A2 : Galates 3 :28 est une déclaration puissante sur l’égalité spirituelle et l’unité en Christ. Dans son contexte, Paul enseigne que l’accès au salut et la pleine appartenance au peuple de l’alliance de Dieu ne dépendent pas de l’origine ethnique (« Juif ni Gentil »), du statut social (« esclave ni libre ») ou du sexe (« homme et femme »). Tous ceux qui ont foi en Christ sont également enfants de Dieu et héritiers de ses promesses.
Cependant, l'interprétation chrétienne traditionnelle ne considère pas ce verset comme effaçant toutes les distinctions créées entre homme et femme qui sont pertinentes pour d'autres domaines de la vie, comme le dessein de Dieu pour le mariage (que Jésus réaffirme comme homme-femme dans Matthieu 19) ou les rôles spécifiques dans l'Église dont Paul parle ailleurs. Par conséquent, même s’il souligne l’égalité de dignité
et une valeur pour tous en Christ, il n'est généralement pas compris comme une base pour affirmer le mariage homosexuel ou pour outrepasser d'autres passages bibliques traitant de l'éthique sexuelle.

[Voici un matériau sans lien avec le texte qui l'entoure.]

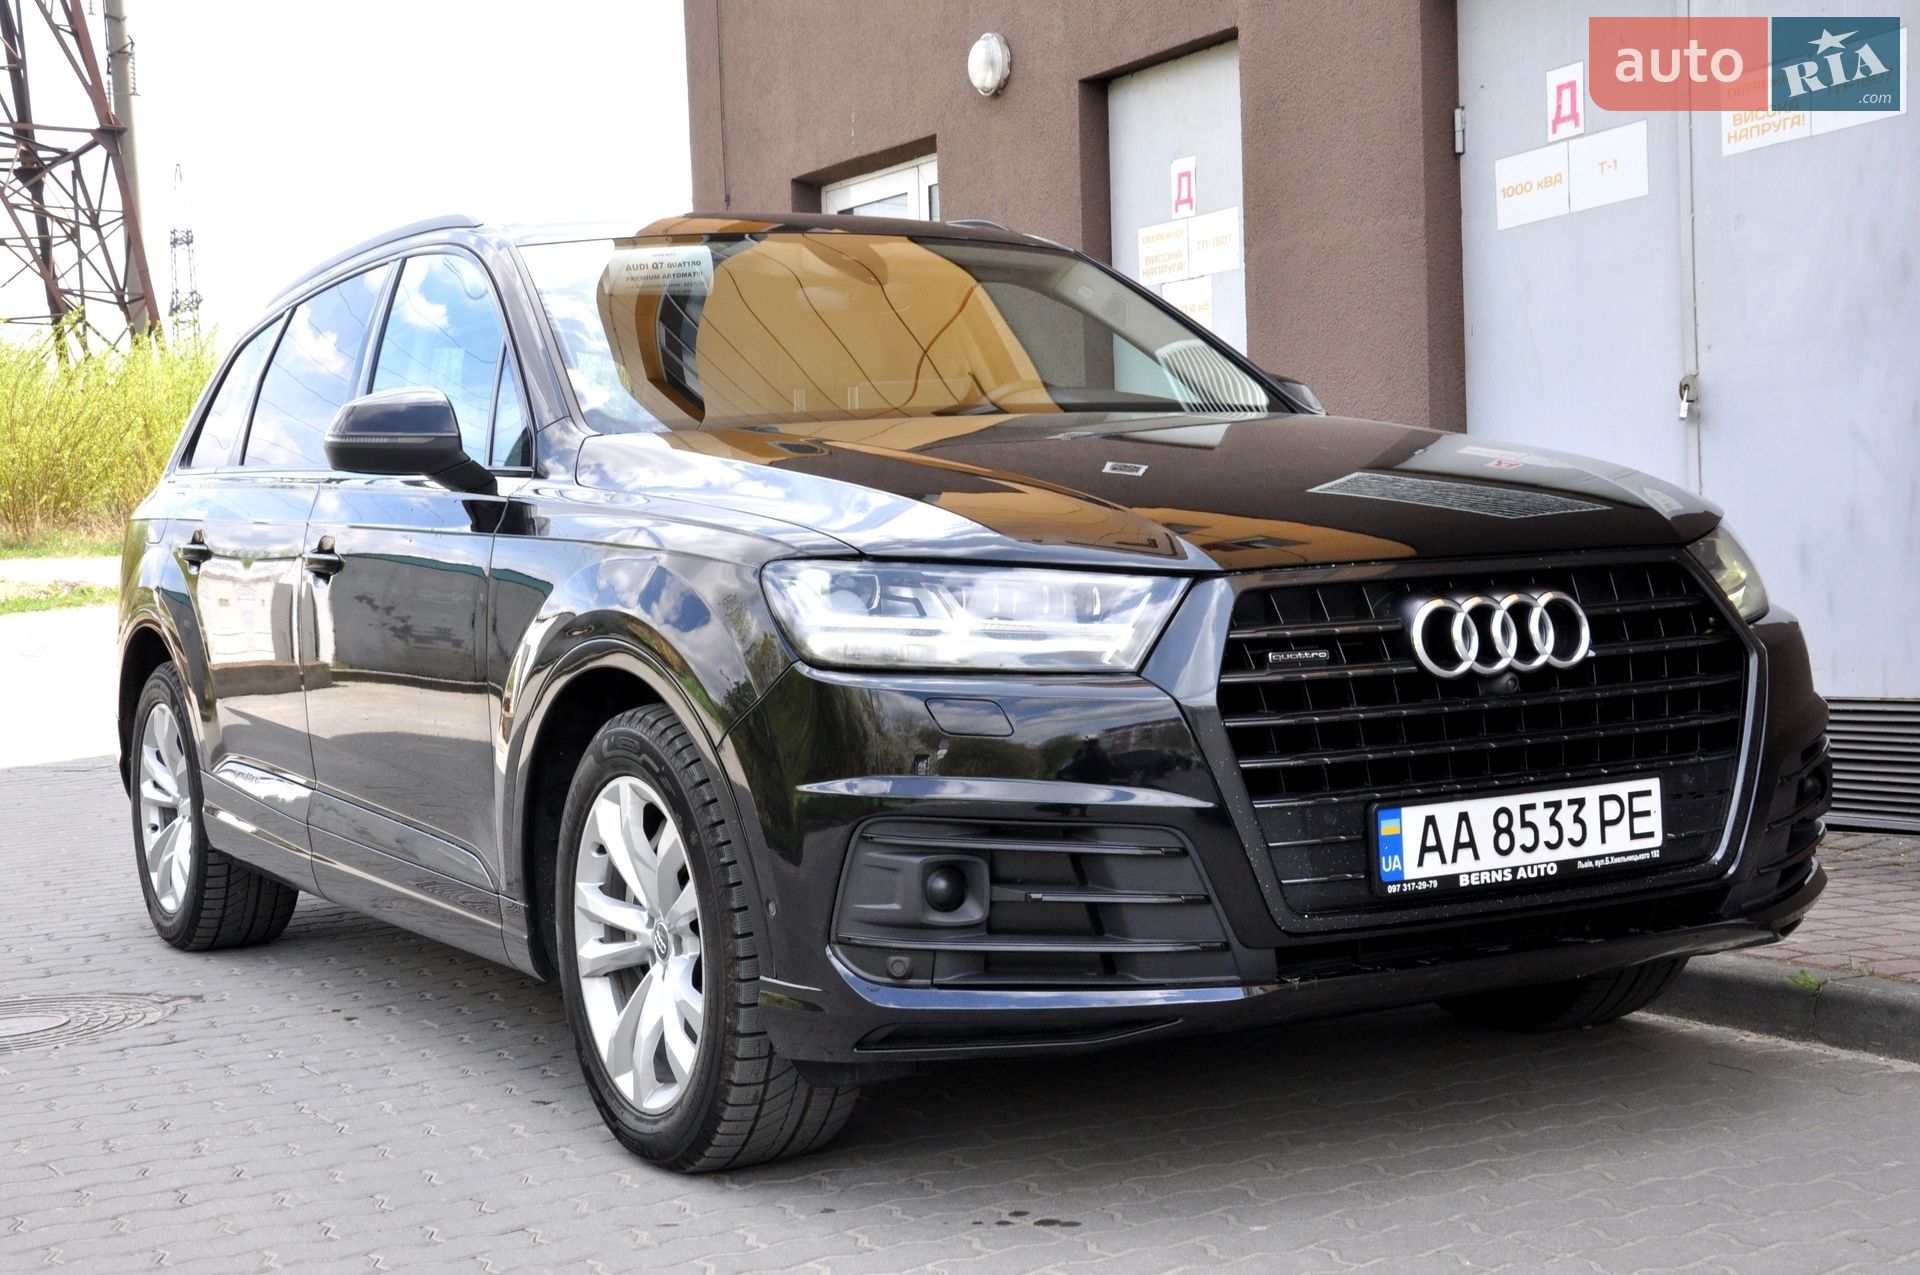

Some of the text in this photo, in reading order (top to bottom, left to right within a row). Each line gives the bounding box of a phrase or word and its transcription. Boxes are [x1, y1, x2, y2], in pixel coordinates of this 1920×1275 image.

[1552, 80, 1580, 135] Д
[1726, 113, 1806, 144] НАПРУГА!
[1598, 159, 1619, 174] Т-1
[1175, 170, 1193, 213] Д
[1502, 172, 1563, 199] 1000 кВА
[626, 263, 648, 271] AUDI
[651, 261, 664, 269] Q7
[1145, 250, 1182, 265] ВИСОКА
[1272, 652, 1327, 662] quattro
[1417, 789, 1656, 868] AA 8533 PE
[1382, 855, 1402, 873] UA
[1459, 862, 1558, 887] BERNS AUTO
[1387, 883, 1401, 894] 097
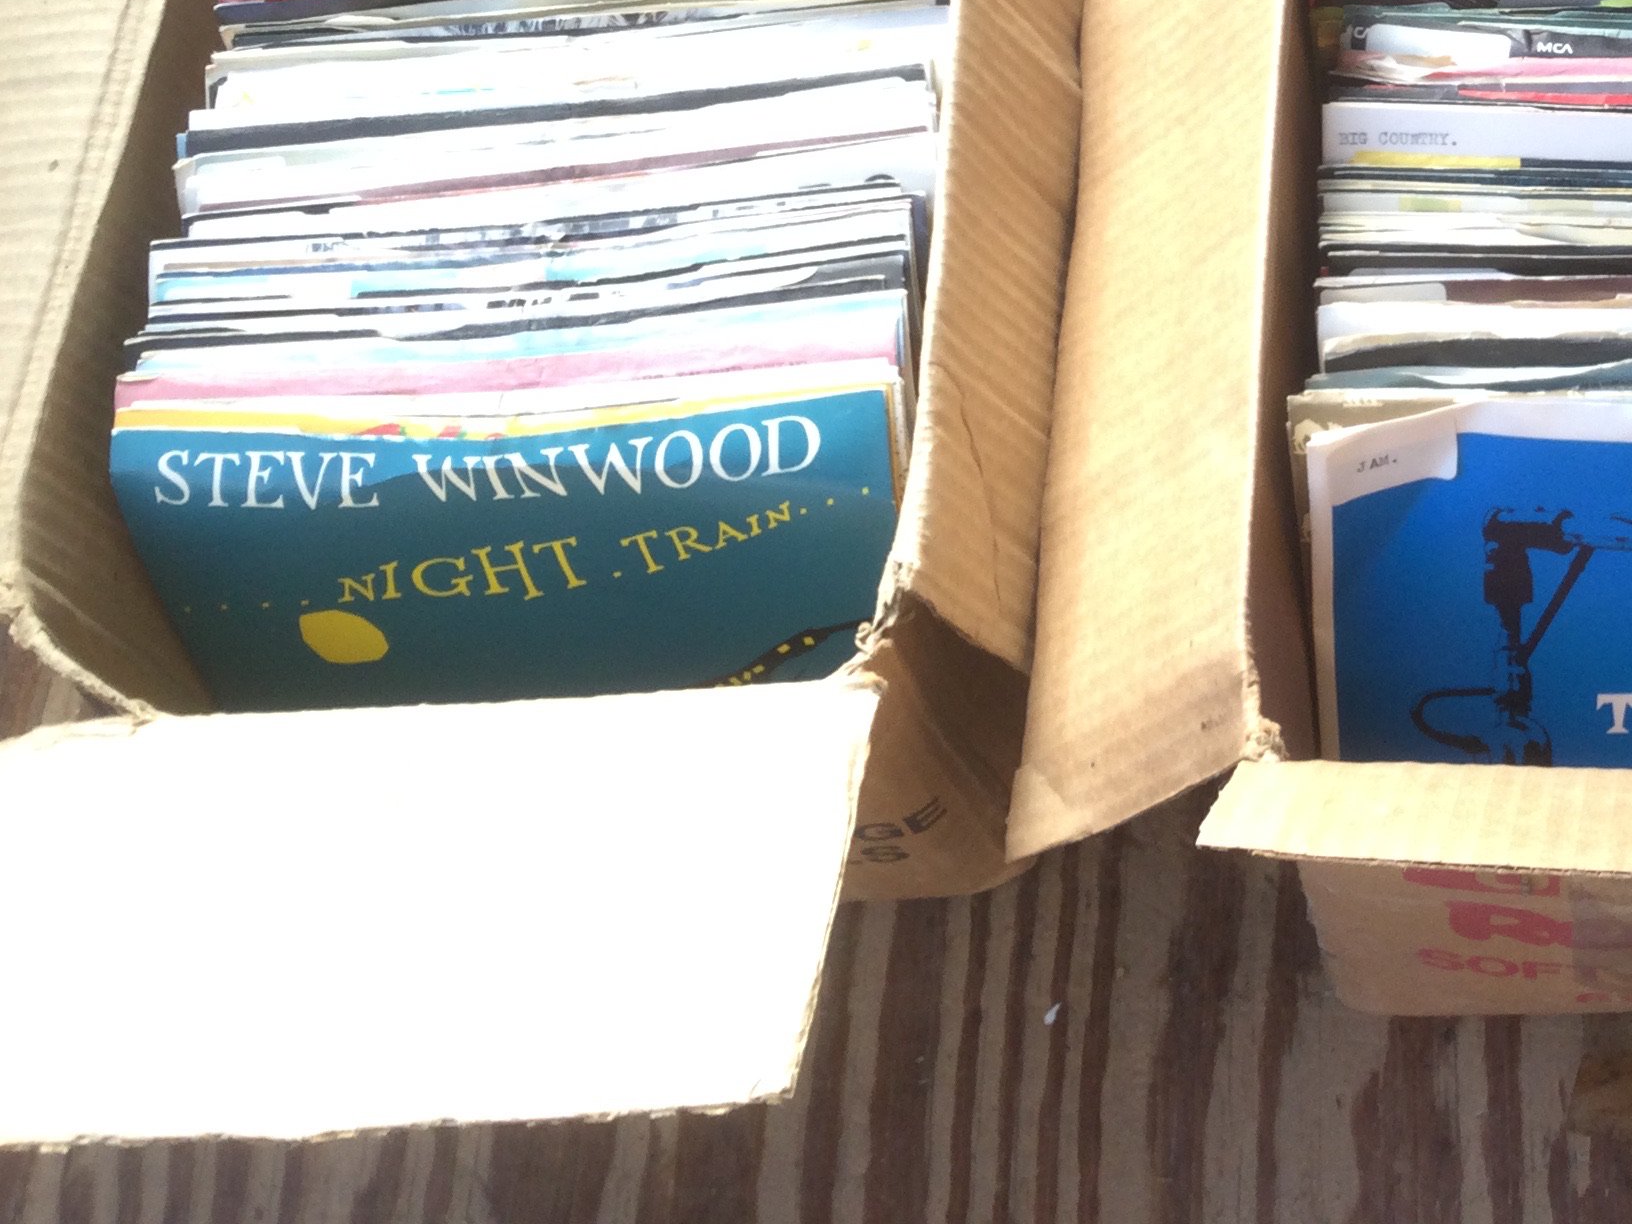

Q3 : Les chrétiens peuvent-ils soutenir les droits LGBTQ+ sans compromettre leur foi ?
A3 : De nombreux chrétiens croient pouvoir soutenir certains droits des personnes LGBTQ+ sans compromettre leurs convictions bibliques sur la sexualité et le mariage. Cela implique souvent de distinguer :
_ Droits humains fondamentaux et protections : Soutenir les droits à la sécurité, à l'absence de discrimination injuste dans des domaines comme l'emploi ou le logement, et à la protection contre la violence, qui sont considérés comme conformes aux appels chrétiens à la justice et à la miséricorde.
_ Libertés civiles contre approbation religieuse : Certains chrétiens peuvent soutenir certains droits civils dans une société pluraliste (comme les visites à l'hôpital ou les droits d'héritage pour les partenaires de même sexe)
tout en maintenant que de telles reconnaissances civiles n'équivalent pas à la définition religieuse ou à l'approbation du mariage ou des relations homosexuelles par l'Église. \* Liberté religieuse : Une préoccupation majeure est de garantir que les individus et les institutions religieuses conservent la liberté de pratiquer et d'enseigner leurs croyances sur le mariage et la sexualité sans contrainte gouvernementale.
L’application spécifique de ces distinctions peut être complexe et constitue un domaine dans lequel les chrétiens peuvent avoir des jugements prudentiels différents tout en cherchant à être fidèles aux Écritures et compatissants envers tous.